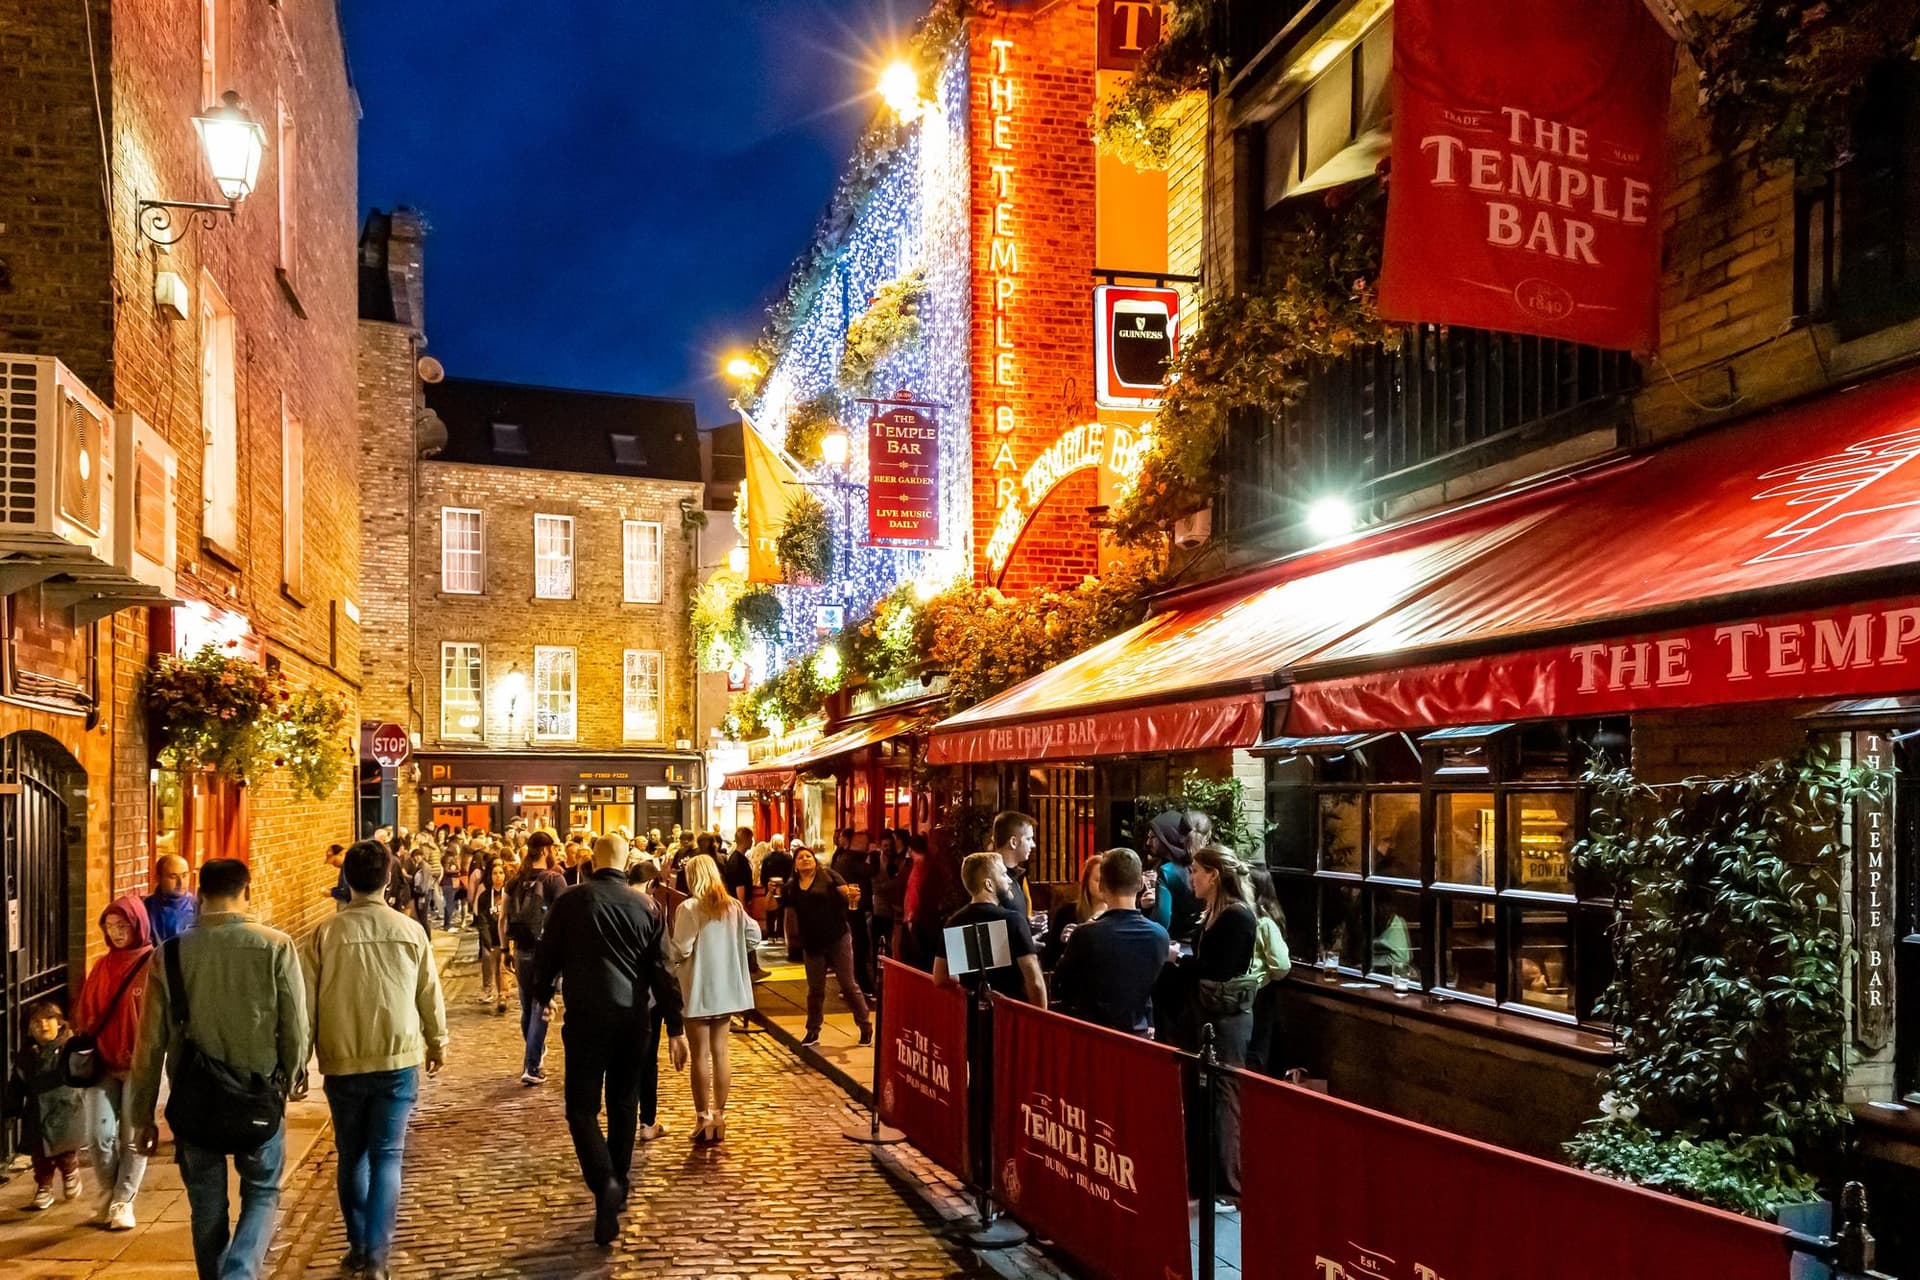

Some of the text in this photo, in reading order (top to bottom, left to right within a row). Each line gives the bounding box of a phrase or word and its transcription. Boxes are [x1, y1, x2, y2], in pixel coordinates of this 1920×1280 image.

[990, 40, 1015, 150] THE
[1501, 106, 1589, 161] THE
[1420, 135, 1651, 224] TEMPLE
[1486, 201, 1600, 265] BAR
[989, 166, 1019, 386] TEMPLE
[1119, 329, 1164, 339] GUINNESS
[872, 423, 936, 440] TEMPLE
[893, 414, 916, 424] THE
[887, 440, 922, 455] BAR
[992, 405, 1018, 509] BAR
[873, 475, 935, 485] BEER GARDEN
[876, 509, 932, 519] LIVE MUSIC
[889, 520, 919, 529] DAILY
[1569, 642, 1692, 694] THE
[374, 737, 406, 752] STOP
[988, 729, 1013, 750] THE
[1016, 723, 1065, 749] TEMPLE
[1068, 718, 1097, 745] BAR
[1868, 812, 1882, 927] TEMPLE
[1869, 951, 1882, 1006] BAR
[1093, 1143, 1138, 1194] BAR
[1360, 1255, 1381, 1271] Est.
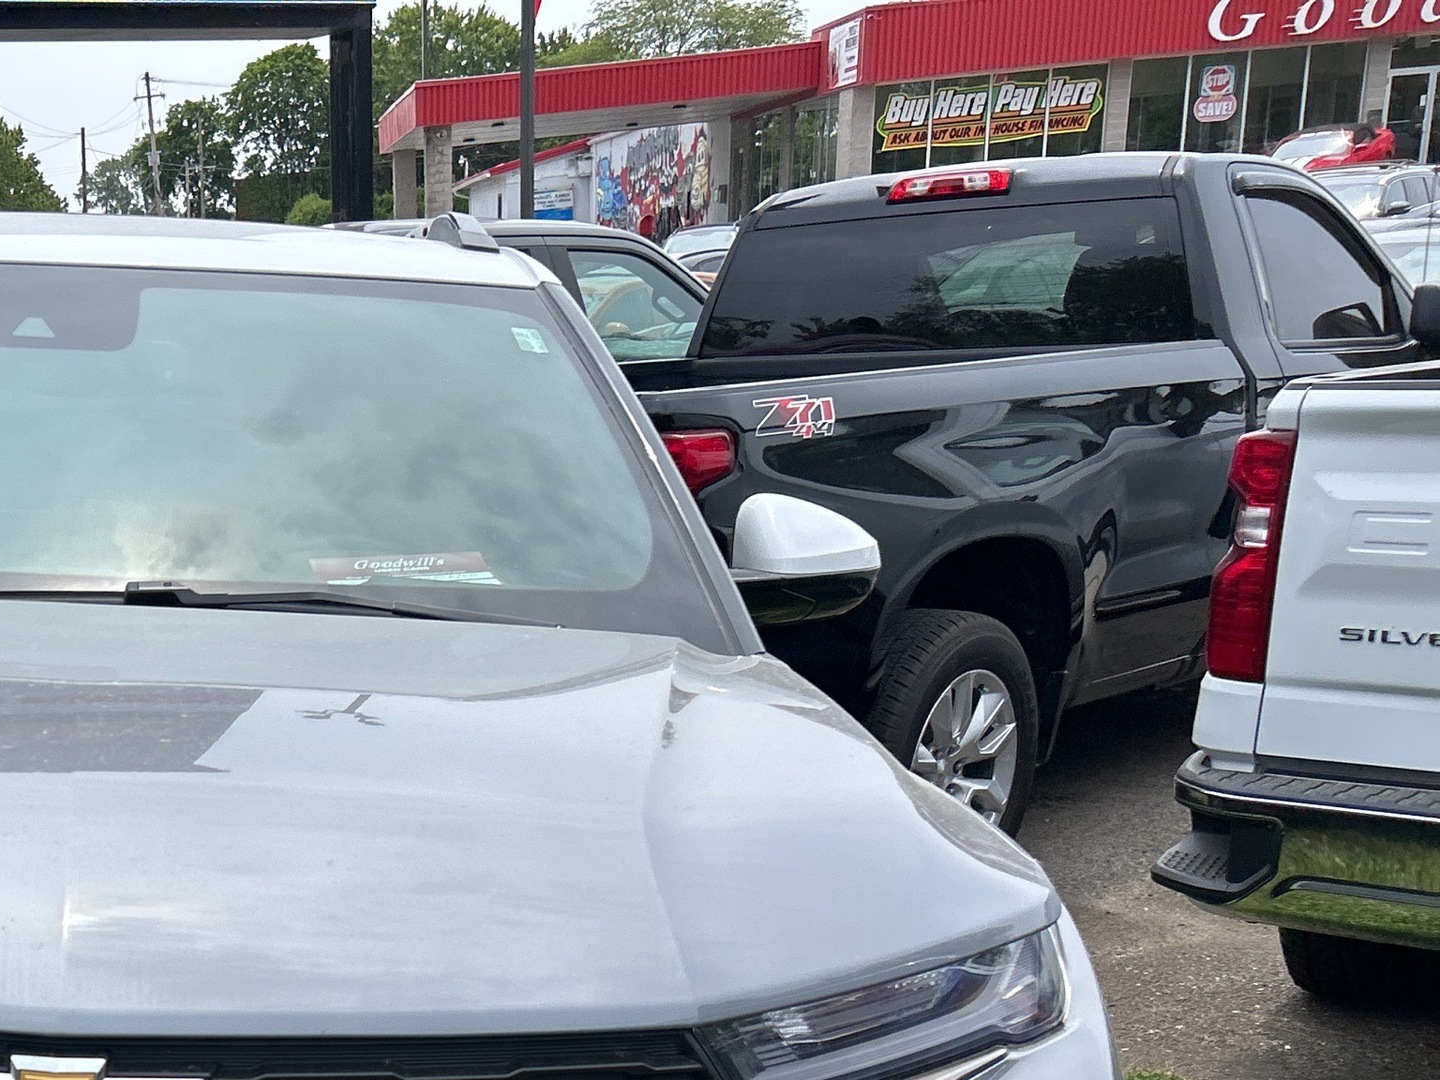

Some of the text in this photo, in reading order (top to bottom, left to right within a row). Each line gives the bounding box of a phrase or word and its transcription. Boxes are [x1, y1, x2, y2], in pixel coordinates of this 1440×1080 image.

[1206, 73, 1230, 88] STOP
[884, 78, 1098, 127] Buy Here Pay Here
[1198, 101, 1233, 117] SAVE!
[890, 131, 911, 145] ASK
[949, 125, 972, 139] OUR
[752, 395, 835, 436] Z71
[354, 557, 444, 570] Goodwill's
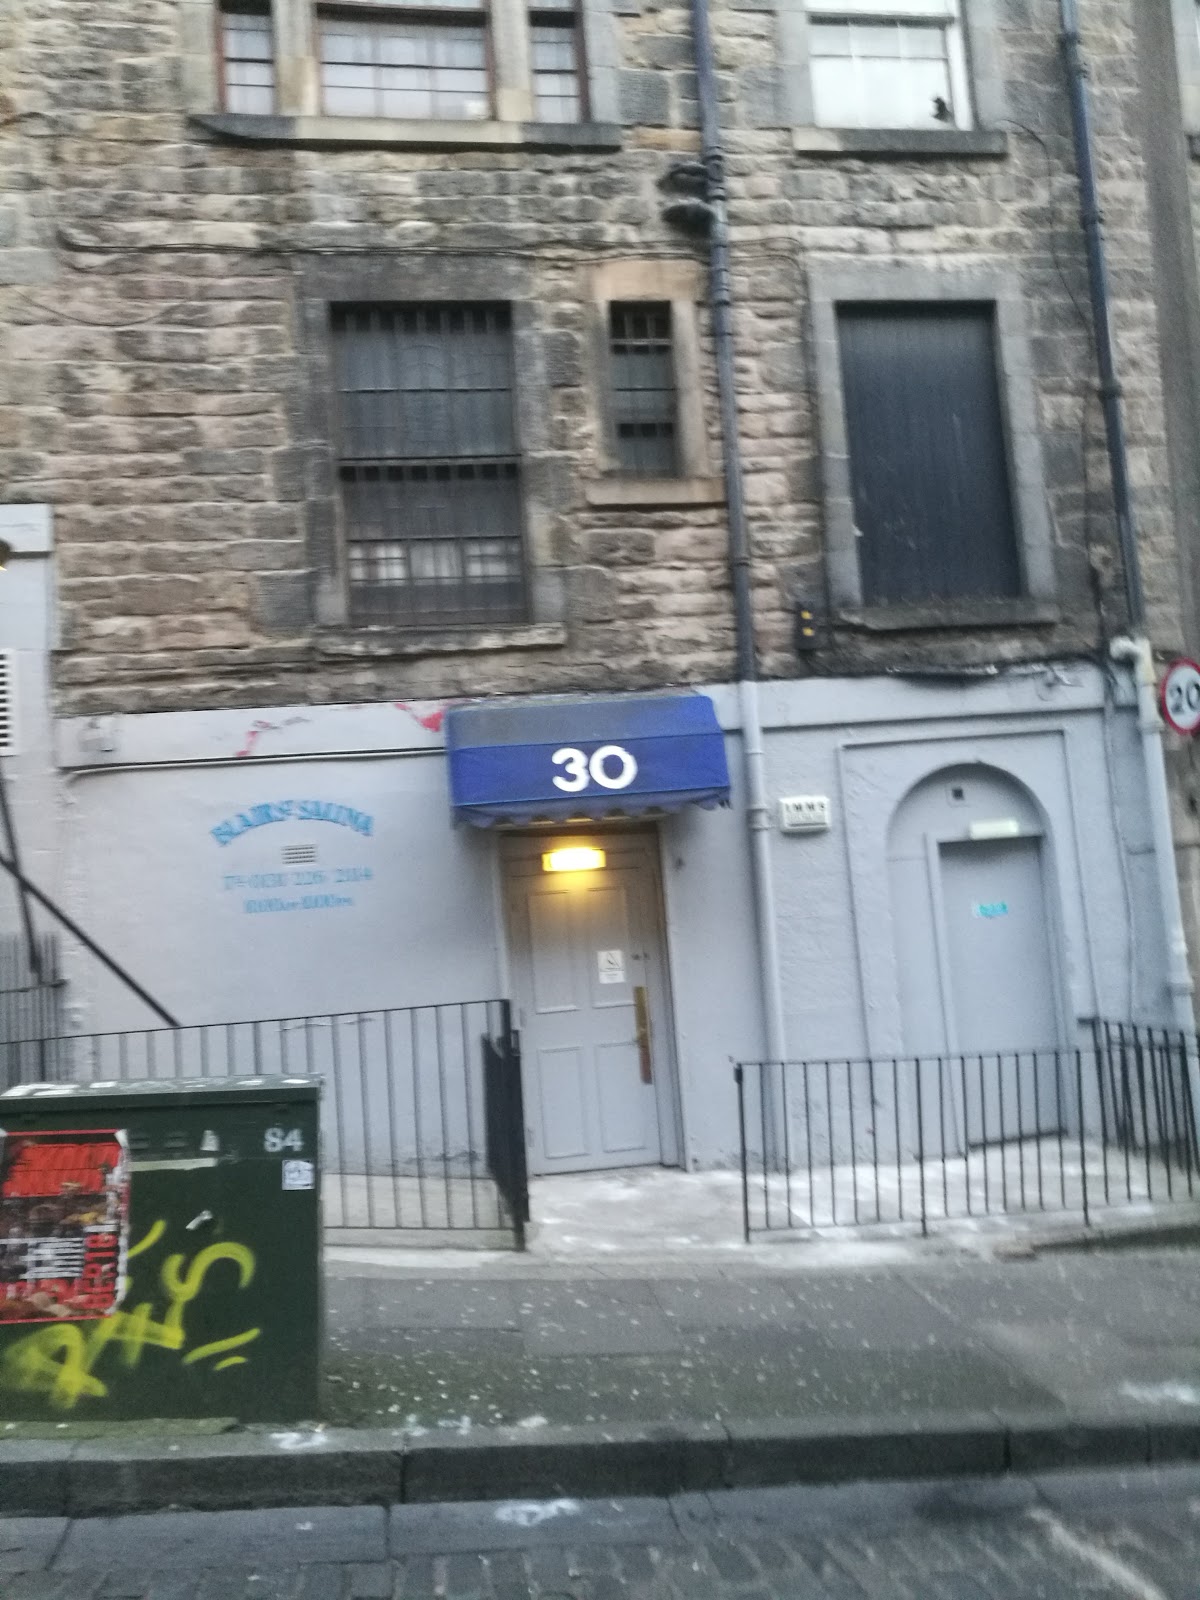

————

Reprint all the data above verbatim, excluding pictures.

Some of the text in this photo, in reading order (top to bottom, left to right within a row). Each line gives the bounding box of a phrase or word and its transcription. Boxes are [x1, y1, x2, y2], in pixel coordinates of this 1920×1280 image.

[990, 40, 1015, 150] THE
[1501, 106, 1589, 161] THE
[1420, 135, 1651, 224] TEMPLE
[1486, 201, 1600, 265] BAR
[989, 166, 1019, 386] TEMPLE
[1119, 329, 1164, 339] GUINNESS
[872, 423, 936, 440] TEMPLE
[893, 414, 916, 424] THE
[887, 440, 922, 455] BAR
[992, 405, 1018, 509] BAR
[873, 475, 935, 485] BEER GARDEN
[876, 509, 932, 519] LIVE MUSIC
[889, 520, 919, 529] DAILY
[1569, 642, 1692, 694] THE
[374, 737, 406, 752] STOP
[988, 729, 1013, 750] THE
[1016, 723, 1065, 749] TEMPLE
[1068, 718, 1097, 745] BAR
[1868, 812, 1882, 927] TEMPLE
[1869, 951, 1882, 1006] BAR
[1093, 1143, 1138, 1194] BAR
[1360, 1255, 1381, 1271] Est.

Some of the text in this photo, in reading order (top to bottom, left to right within a row). Each line gives the bounding box of a phrase or word and its transcription. Boxes are [x1, y1, x2, y2], in pixel coordinates of this 1440×1080 image.

[1206, 73, 1230, 88] STOP
[884, 78, 1098, 127] Buy Here Pay Here
[1198, 101, 1233, 117] SAVE!
[890, 131, 911, 145] ASK
[949, 125, 972, 139] OUR
[752, 395, 835, 436] Z71
[354, 557, 444, 570] Goodwill's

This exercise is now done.